Del proveedor al socio estratégico
El cambio de paradigma afecta a todos los actores de la cadena de valor. Las agencias de viajes corporativos evolucionan hacia un papel de consultoría estratégica; el Travel Manager amplía sus responsabilidades hacia la movilidad corporativa y el análisis de datos; y los hoteles dejan de competir únicamente por sus instalaciones para diseñar experiencias cada vez más personalizadas.
En el segmento MICE también cambia la relación entre empresas, agencias y proveedores. La colaboración desde las fases iniciales del proyecto, el diseño conjunto de los objetivos y la búsqueda de resultados compartidos sustituyen progresivamente al tradicional modelo cliente-proveedor.
Los eventos ya no empiezan cuando se abre el registro
Otra de las grandes conclusiones del Summit fue la consolidación del Journey Design como nuevo enfoque para diseñar eventos corporativos. La experiencia del asistente comienza mucho antes de la inauguración y continúa una vez finalizado el encuentro. Storytelling, personalización, engagement y generación de comunidad adquieren tanta importancia como la propia logística.
En palabras de Ana Longás, directora de MICE de Superstruct Entertainment, «el antes, el durante y el después importan lo mismo», una filosofía que sitúa la experiencia global del participante en el centro de la estrategia de los eventos.
Una industria cada vez más estratégica
Durante las dos jornadas también quedó patente el creciente peso económico del Business Travel y el MICE. Madrid cerró 2025 con más de 51.000 reuniones y un impacto económico superior a 5.500 millones de euros, como recordó Héctor Coronel, director de Turismo del ayuntamiento de la capital, mientras que el turismo de negocios generó en España un total de 6.600 millones y 14.830 millones la actividad MICE.
Para Natalia Ros y Óscar García, socios cofundadores de Forum Business Travel & Events, organizador de ISBTM, la principal conclusión del Summit es clara: «Estamos asistiendo a un cambio de paradigma. Durante años la conversación giró alrededor del precio; hoy gira alrededor del valor.
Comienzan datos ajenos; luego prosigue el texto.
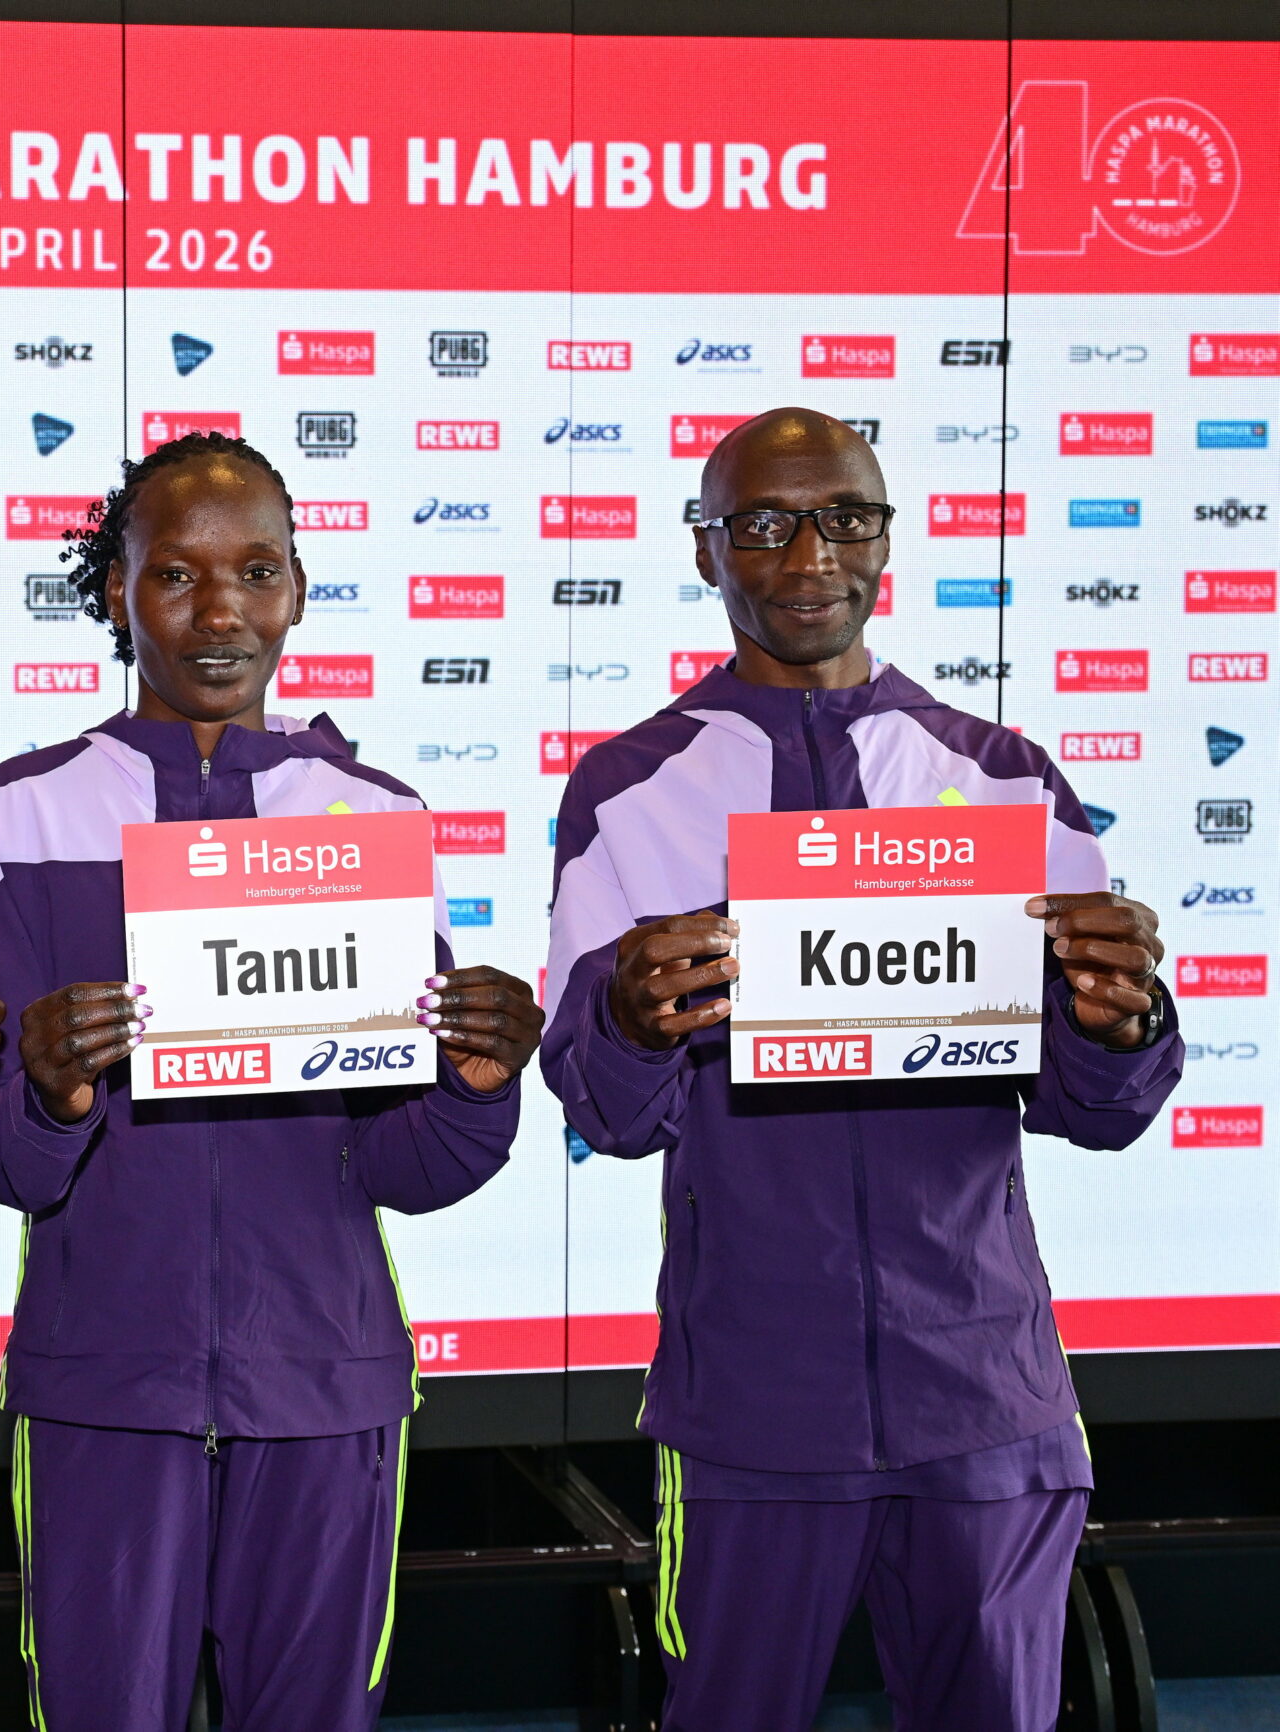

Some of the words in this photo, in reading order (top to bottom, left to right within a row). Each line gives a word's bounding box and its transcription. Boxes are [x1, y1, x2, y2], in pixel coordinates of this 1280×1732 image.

Los viajes de empresa y los eventos corporativos han dejado de ser una partida de gasto para convertirse en una herramienta estratégica para las organizaciones.»
Los organizadores consideran que esta transformación no responde únicamente a la incorporación de nuevas tecnologías, sino a un cambio mucho más profundo en la forma de entender la movilidad corporativa y los eventos: una industria que ya no mide su éxito solo por el ahorro o el número de asistentes, sino por su capacidad para generar negocio, fortalecer la cultura corporativa, impulsar la innovación y crear relaciones de valor.